■ Records for the exercise:
• • • • •
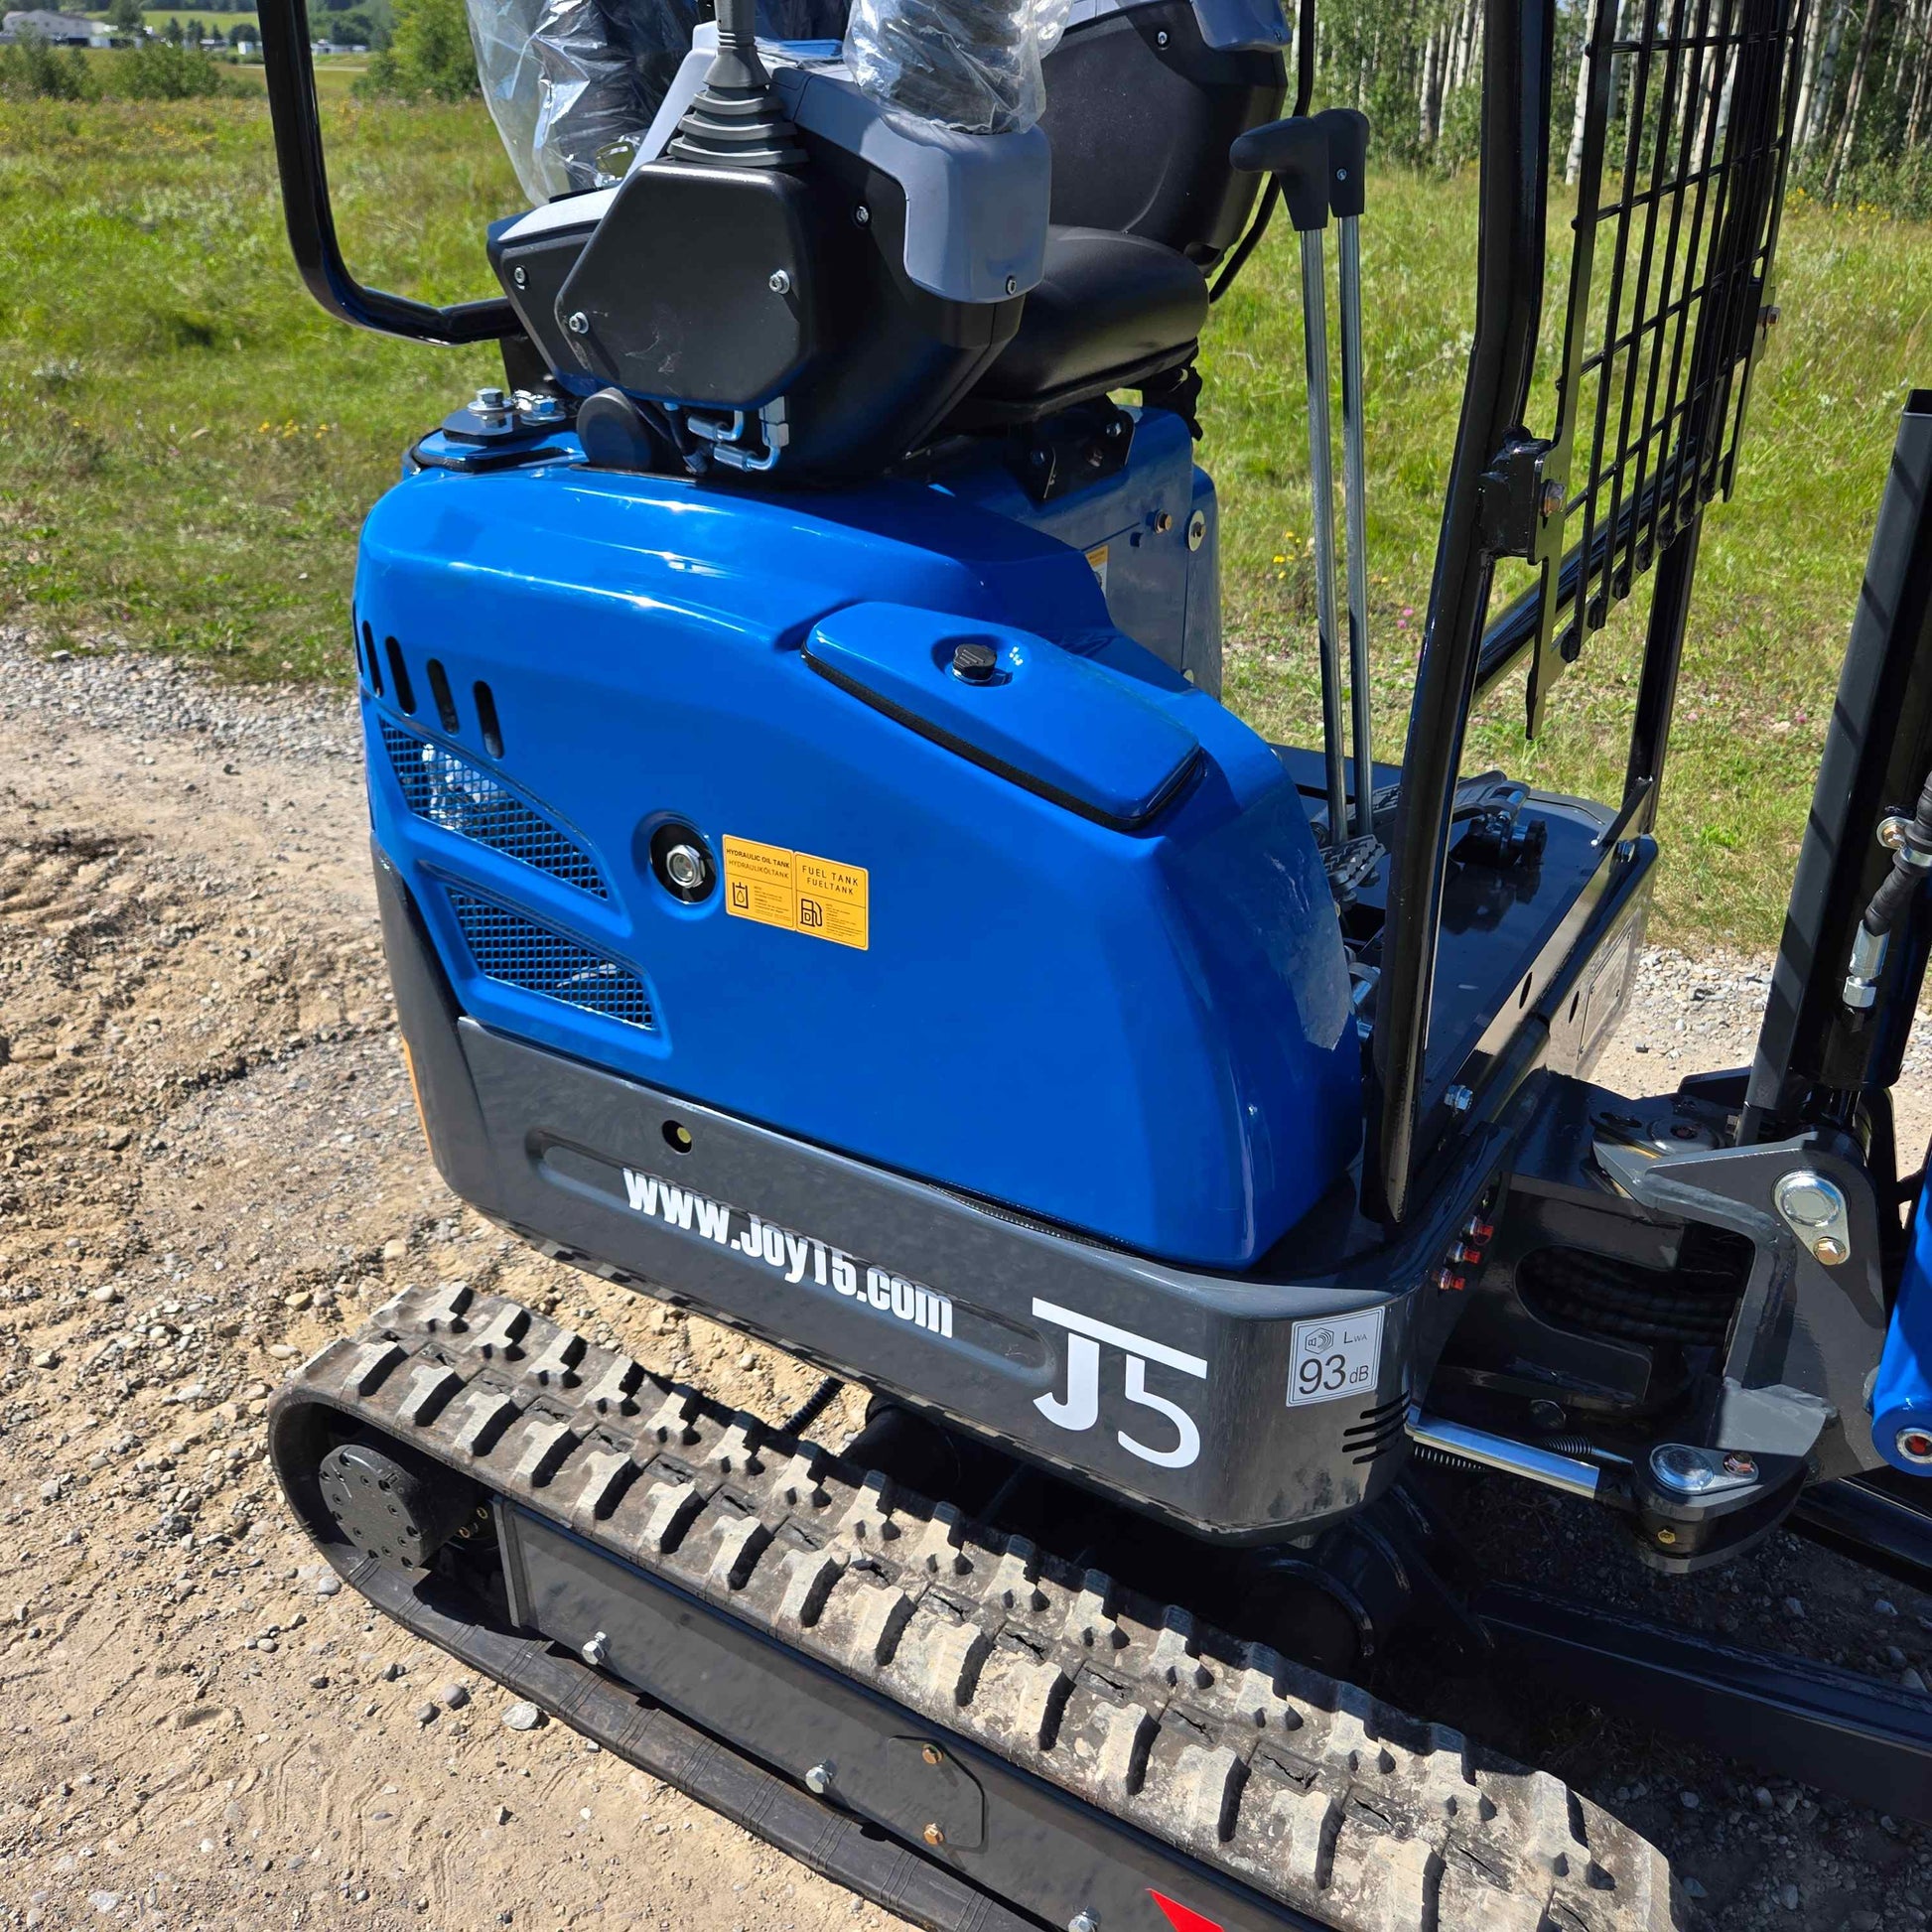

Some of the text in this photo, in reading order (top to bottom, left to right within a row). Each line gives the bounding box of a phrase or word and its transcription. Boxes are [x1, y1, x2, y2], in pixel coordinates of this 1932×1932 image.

[726, 849, 760, 862] HYDRAULIC
[773, 859, 790, 869] TANK
[802, 865, 859, 887] FUEL TANK
[807, 878, 854, 896] FUELTANK
[1299, 1354, 1369, 1395] 93 dB
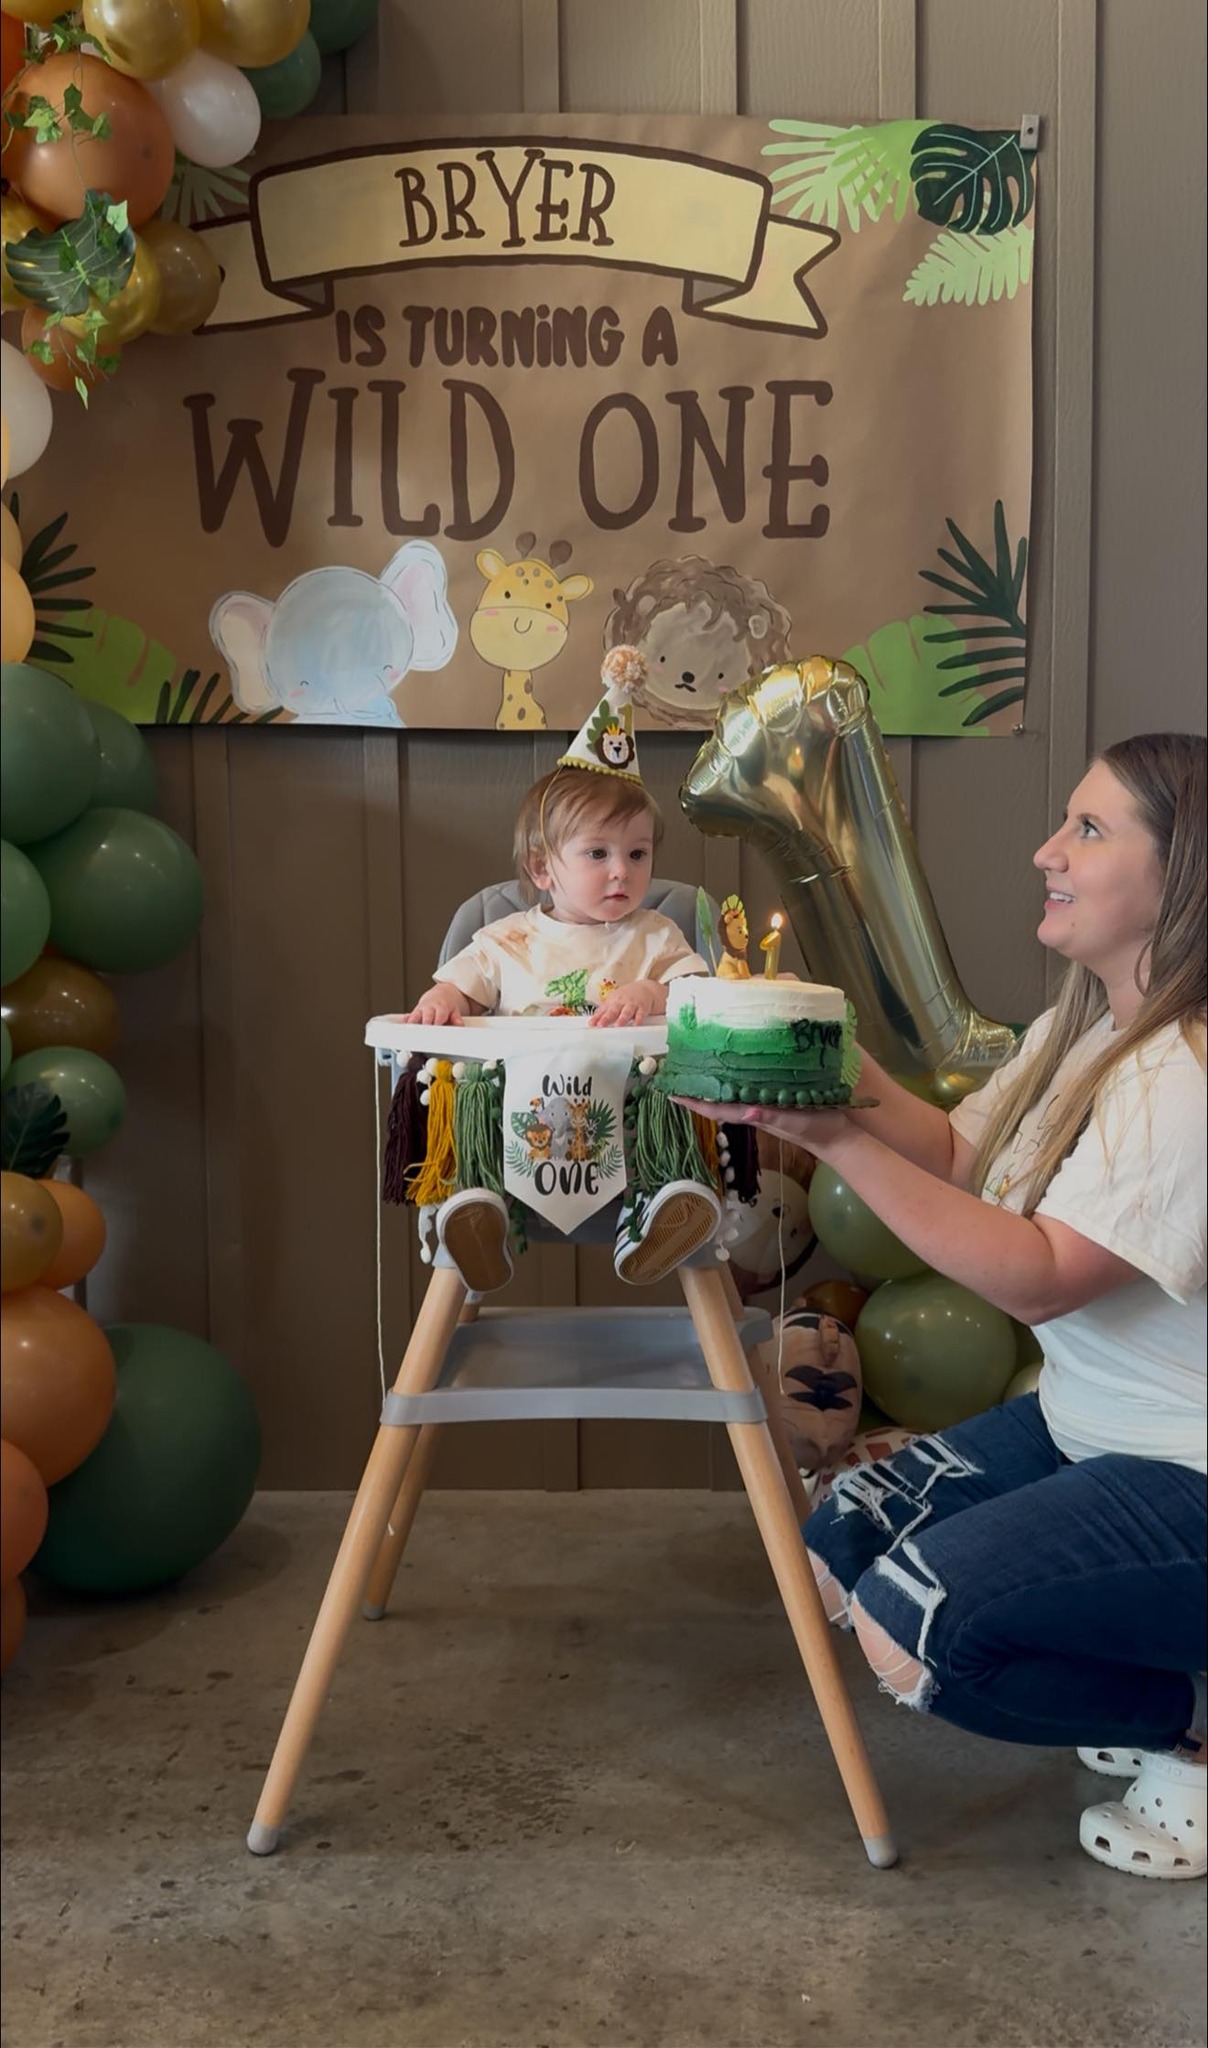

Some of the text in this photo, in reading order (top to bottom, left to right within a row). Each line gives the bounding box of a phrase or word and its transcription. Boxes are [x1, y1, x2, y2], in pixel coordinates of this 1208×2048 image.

[395, 148, 615, 248] BRYER
[335, 306, 387, 367] IS
[641, 306, 679, 367] A
[183, 367, 833, 547] WILD ONE
[542, 1074, 592, 1097] Wild
• • • • •
■ Goal of the exercise:
The result should be every line of the data, reproduced exactly, with the images removed.

■ Response:
Some of the text in this photo, in reading order (top to bottom, left to right within a row). Each line gives the bounding box of a phrase or word and its transcription. Boxes are [x1, y1, x2, y2], in pixel coordinates of this 1932×1932 image.

[726, 849, 760, 862] HYDRAULIC
[773, 859, 790, 869] TANK
[802, 865, 859, 887] FUEL TANK
[807, 878, 854, 896] FUELTANK
[1299, 1354, 1369, 1395] 93 dB

Some of the text in this photo, in reading order (top to bottom, left to right within a row). Each line gives the bounding box of a phrase or word and its transcription. Boxes are [x1, y1, x2, y2], in pixel coordinates of this 1208×2048 image.

[395, 148, 615, 248] BRYER
[335, 306, 387, 367] IS
[641, 306, 679, 367] A
[183, 367, 833, 547] WILD ONE
[542, 1074, 592, 1097] Wild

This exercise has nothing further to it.